- **WHAT IS NEEDED**
Keeping each line exactly as it is, output all of the records.

___ DATA UNDER STUDY

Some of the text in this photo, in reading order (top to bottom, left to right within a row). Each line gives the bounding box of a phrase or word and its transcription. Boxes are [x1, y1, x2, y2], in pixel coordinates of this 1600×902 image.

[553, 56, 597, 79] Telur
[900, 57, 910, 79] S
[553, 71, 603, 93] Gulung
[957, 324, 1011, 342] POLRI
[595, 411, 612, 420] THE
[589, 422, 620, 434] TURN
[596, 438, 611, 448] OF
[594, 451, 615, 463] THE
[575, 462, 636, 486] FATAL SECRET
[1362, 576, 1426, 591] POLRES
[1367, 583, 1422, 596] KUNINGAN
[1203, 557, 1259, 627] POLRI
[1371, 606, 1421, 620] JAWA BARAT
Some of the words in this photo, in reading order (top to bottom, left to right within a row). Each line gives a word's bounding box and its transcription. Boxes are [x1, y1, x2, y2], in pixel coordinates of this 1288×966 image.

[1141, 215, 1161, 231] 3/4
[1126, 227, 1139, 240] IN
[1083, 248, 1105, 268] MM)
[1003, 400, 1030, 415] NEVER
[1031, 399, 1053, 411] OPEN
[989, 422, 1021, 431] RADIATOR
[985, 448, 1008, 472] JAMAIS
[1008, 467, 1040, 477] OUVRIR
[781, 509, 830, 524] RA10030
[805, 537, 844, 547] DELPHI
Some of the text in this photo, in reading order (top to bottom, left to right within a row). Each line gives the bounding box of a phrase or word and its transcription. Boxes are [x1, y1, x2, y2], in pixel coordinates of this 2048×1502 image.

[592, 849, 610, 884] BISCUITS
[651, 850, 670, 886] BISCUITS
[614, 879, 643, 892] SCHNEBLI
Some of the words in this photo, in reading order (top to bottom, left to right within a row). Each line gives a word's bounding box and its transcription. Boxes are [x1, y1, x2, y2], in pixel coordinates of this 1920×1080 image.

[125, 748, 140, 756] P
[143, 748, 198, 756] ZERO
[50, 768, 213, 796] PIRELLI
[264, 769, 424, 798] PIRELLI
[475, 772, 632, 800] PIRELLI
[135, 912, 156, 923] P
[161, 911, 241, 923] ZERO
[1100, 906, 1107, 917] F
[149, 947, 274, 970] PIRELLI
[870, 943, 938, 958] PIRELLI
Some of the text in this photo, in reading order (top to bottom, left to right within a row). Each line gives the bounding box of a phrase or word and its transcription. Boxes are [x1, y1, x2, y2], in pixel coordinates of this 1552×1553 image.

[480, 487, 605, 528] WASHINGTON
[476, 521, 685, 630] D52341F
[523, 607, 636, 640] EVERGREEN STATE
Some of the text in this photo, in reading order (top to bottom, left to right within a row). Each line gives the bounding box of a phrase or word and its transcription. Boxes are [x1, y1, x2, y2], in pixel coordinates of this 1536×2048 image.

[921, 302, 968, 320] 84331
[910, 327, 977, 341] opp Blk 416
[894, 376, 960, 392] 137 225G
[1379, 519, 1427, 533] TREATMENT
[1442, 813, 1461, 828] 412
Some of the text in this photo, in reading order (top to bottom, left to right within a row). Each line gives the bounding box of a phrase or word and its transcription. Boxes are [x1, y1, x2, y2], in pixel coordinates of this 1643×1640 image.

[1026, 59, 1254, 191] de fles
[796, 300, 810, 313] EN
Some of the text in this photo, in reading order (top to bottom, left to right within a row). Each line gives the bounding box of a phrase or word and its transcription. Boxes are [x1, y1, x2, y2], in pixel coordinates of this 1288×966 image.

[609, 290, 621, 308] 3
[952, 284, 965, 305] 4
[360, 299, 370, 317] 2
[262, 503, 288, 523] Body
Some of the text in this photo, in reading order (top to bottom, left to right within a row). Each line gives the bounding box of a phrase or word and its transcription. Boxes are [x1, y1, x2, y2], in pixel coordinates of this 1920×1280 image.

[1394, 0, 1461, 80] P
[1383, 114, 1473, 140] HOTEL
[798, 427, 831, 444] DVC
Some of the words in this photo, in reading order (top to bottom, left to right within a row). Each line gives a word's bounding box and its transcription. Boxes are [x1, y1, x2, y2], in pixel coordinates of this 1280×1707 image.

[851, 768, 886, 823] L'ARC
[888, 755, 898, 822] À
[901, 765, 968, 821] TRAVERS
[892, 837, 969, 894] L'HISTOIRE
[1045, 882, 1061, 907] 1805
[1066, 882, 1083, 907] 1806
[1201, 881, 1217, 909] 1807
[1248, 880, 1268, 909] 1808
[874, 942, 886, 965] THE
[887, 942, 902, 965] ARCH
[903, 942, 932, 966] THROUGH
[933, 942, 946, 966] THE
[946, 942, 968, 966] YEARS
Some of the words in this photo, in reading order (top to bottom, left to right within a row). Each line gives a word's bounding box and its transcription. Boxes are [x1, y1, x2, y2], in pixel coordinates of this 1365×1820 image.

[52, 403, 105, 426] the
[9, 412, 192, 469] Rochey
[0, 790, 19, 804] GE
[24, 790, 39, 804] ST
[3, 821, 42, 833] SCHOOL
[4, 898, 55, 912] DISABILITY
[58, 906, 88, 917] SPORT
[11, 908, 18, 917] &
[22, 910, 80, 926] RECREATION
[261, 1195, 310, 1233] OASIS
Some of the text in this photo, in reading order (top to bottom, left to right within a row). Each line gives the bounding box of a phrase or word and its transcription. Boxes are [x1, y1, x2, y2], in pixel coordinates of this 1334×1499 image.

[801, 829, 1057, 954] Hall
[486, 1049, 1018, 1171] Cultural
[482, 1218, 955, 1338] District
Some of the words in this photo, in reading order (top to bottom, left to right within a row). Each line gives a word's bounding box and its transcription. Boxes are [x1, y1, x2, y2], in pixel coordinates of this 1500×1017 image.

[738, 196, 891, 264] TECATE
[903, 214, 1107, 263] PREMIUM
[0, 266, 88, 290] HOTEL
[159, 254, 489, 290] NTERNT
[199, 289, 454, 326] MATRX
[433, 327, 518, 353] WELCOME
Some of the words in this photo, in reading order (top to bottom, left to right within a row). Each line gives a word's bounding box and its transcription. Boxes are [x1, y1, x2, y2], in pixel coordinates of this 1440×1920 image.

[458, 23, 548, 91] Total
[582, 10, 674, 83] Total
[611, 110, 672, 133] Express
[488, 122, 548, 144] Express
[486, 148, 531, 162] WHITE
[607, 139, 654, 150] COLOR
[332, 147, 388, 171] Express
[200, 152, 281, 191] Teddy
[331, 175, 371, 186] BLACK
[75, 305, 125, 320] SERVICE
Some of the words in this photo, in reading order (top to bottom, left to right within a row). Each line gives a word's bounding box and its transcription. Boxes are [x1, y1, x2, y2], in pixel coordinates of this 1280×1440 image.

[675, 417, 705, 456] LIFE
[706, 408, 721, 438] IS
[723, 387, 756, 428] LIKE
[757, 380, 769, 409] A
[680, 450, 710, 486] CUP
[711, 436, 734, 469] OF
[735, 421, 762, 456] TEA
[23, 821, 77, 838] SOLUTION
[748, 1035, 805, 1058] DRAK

______

- **RESPONSE BELOW**
Some of the text in this photo, in reading order (top to bottom, left to right within a row). Each line gives the bounding box of a phrase or word and its transcription. Boxes are [x1, y1, x2, y2], in pixel coordinates of this 1600×902 image.

[553, 56, 597, 79] Telur
[900, 57, 910, 79] S
[553, 71, 603, 93] Gulung
[957, 324, 1011, 342] POLRI
[595, 411, 612, 420] THE
[589, 422, 620, 434] TURN
[596, 438, 611, 448] OF
[594, 451, 615, 463] THE
[575, 462, 636, 486] FATAL SECRET
[1362, 576, 1426, 591] POLRES
[1367, 583, 1422, 596] KUNINGAN
[1203, 557, 1259, 627] POLRI
[1371, 606, 1421, 620] JAWA BARAT
Some of the words in this photo, in reading order (top to bottom, left to right within a row). Each line gives a word's bounding box and its transcription. Boxes are [x1, y1, x2, y2], in pixel coordinates of this 1288×966 image.

[1141, 215, 1161, 231] 3/4
[1126, 227, 1139, 240] IN
[1083, 248, 1105, 268] MM)
[1003, 400, 1030, 415] NEVER
[1031, 399, 1053, 411] OPEN
[989, 422, 1021, 431] RADIATOR
[985, 448, 1008, 472] JAMAIS
[1008, 467, 1040, 477] OUVRIR
[781, 509, 830, 524] RA10030
[805, 537, 844, 547] DELPHI
Some of the text in this photo, in reading order (top to bottom, left to right within a row). Each line gives the bounding box of a phrase or word and its transcription. Boxes are [x1, y1, x2, y2], in pixel coordinates of this 2048×1502 image.

[592, 849, 610, 884] BISCUITS
[651, 850, 670, 886] BISCUITS
[614, 879, 643, 892] SCHNEBLI
Some of the words in this photo, in reading order (top to bottom, left to right within a row). Each line gives a word's bounding box and its transcription. Boxes are [x1, y1, x2, y2], in pixel coordinates of this 1920×1080 image.

[125, 748, 140, 756] P
[143, 748, 198, 756] ZERO
[50, 768, 213, 796] PIRELLI
[264, 769, 424, 798] PIRELLI
[475, 772, 632, 800] PIRELLI
[135, 912, 156, 923] P
[161, 911, 241, 923] ZERO
[1100, 906, 1107, 917] F
[149, 947, 274, 970] PIRELLI
[870, 943, 938, 958] PIRELLI
Some of the text in this photo, in reading order (top to bottom, left to right within a row). Each line gives the bounding box of a phrase or word and its transcription. Boxes are [x1, y1, x2, y2], in pixel coordinates of this 1552×1553 image.

[480, 487, 605, 528] WASHINGTON
[476, 521, 685, 630] D52341F
[523, 607, 636, 640] EVERGREEN STATE
Some of the text in this photo, in reading order (top to bottom, left to right within a row). Each line gives the bounding box of a phrase or word and its transcription. Boxes are [x1, y1, x2, y2], in pixel coordinates of this 1536×2048 image.

[921, 302, 968, 320] 84331
[910, 327, 977, 341] opp Blk 416
[894, 376, 960, 392] 137 225G
[1379, 519, 1427, 533] TREATMENT
[1442, 813, 1461, 828] 412
Some of the text in this photo, in reading order (top to bottom, left to right within a row). Each line gives the bounding box of a phrase or word and its transcription. Boxes are [x1, y1, x2, y2], in pixel coordinates of this 1643×1640 image.

[1026, 59, 1254, 191] de fles
[796, 300, 810, 313] EN
Some of the text in this photo, in reading order (top to bottom, left to right within a row). Each line gives the bounding box of a phrase or word and its transcription. Boxes are [x1, y1, x2, y2], in pixel coordinates of this 1288×966 image.

[609, 290, 621, 308] 3
[952, 284, 965, 305] 4
[360, 299, 370, 317] 2
[262, 503, 288, 523] Body
Some of the text in this photo, in reading order (top to bottom, left to right within a row). Each line gives the bounding box of a phrase or word and its transcription. Boxes are [x1, y1, x2, y2], in pixel coordinates of this 1920×1280 image.

[1394, 0, 1461, 80] P
[1383, 114, 1473, 140] HOTEL
[798, 427, 831, 444] DVC
Some of the words in this photo, in reading order (top to bottom, left to right within a row). Each line gives a word's bounding box and its transcription. Boxes are [x1, y1, x2, y2], in pixel coordinates of this 1280×1707 image.

[851, 768, 886, 823] L'ARC
[888, 755, 898, 822] À
[901, 765, 968, 821] TRAVERS
[892, 837, 969, 894] L'HISTOIRE
[1045, 882, 1061, 907] 1805
[1066, 882, 1083, 907] 1806
[1201, 881, 1217, 909] 1807
[1248, 880, 1268, 909] 1808
[874, 942, 886, 965] THE
[887, 942, 902, 965] ARCH
[903, 942, 932, 966] THROUGH
[933, 942, 946, 966] THE
[946, 942, 968, 966] YEARS
Some of the words in this photo, in reading order (top to bottom, left to right within a row). Each line gives a word's bounding box and its transcription. Boxes are [x1, y1, x2, y2], in pixel coordinates of this 1365×1820 image.

[52, 403, 105, 426] the
[9, 412, 192, 469] Rochey
[0, 790, 19, 804] GE
[24, 790, 39, 804] ST
[3, 821, 42, 833] SCHOOL
[4, 898, 55, 912] DISABILITY
[58, 906, 88, 917] SPORT
[11, 908, 18, 917] &
[22, 910, 80, 926] RECREATION
[261, 1195, 310, 1233] OASIS
Some of the text in this photo, in reading order (top to bottom, left to right within a row). Each line gives the bounding box of a phrase or word and its transcription. Boxes are [x1, y1, x2, y2], in pixel coordinates of this 1334×1499 image.

[801, 829, 1057, 954] Hall
[486, 1049, 1018, 1171] Cultural
[482, 1218, 955, 1338] District
Some of the words in this photo, in reading order (top to bottom, left to right within a row). Each line gives a word's bounding box and its transcription. Boxes are [x1, y1, x2, y2], in pixel coordinates of this 1500×1017 image.

[738, 196, 891, 264] TECATE
[903, 214, 1107, 263] PREMIUM
[0, 266, 88, 290] HOTEL
[159, 254, 489, 290] NTERNT
[199, 289, 454, 326] MATRX
[433, 327, 518, 353] WELCOME
Some of the words in this photo, in reading order (top to bottom, left to right within a row). Each line gives a word's bounding box and its transcription. Boxes are [x1, y1, x2, y2], in pixel coordinates of this 1440×1920 image.

[458, 23, 548, 91] Total
[582, 10, 674, 83] Total
[611, 110, 672, 133] Express
[488, 122, 548, 144] Express
[486, 148, 531, 162] WHITE
[607, 139, 654, 150] COLOR
[332, 147, 388, 171] Express
[200, 152, 281, 191] Teddy
[331, 175, 371, 186] BLACK
[75, 305, 125, 320] SERVICE
Some of the words in this photo, in reading order (top to bottom, left to right within a row). Each line gives a word's bounding box and its transcription. Boxes are [x1, y1, x2, y2], in pixel coordinates of this 1280×1440 image.

[675, 417, 705, 456] LIFE
[706, 408, 721, 438] IS
[723, 387, 756, 428] LIKE
[757, 380, 769, 409] A
[680, 450, 710, 486] CUP
[711, 436, 734, 469] OF
[735, 421, 762, 456] TEA
[23, 821, 77, 838] SOLUTION
[748, 1035, 805, 1058] DRAK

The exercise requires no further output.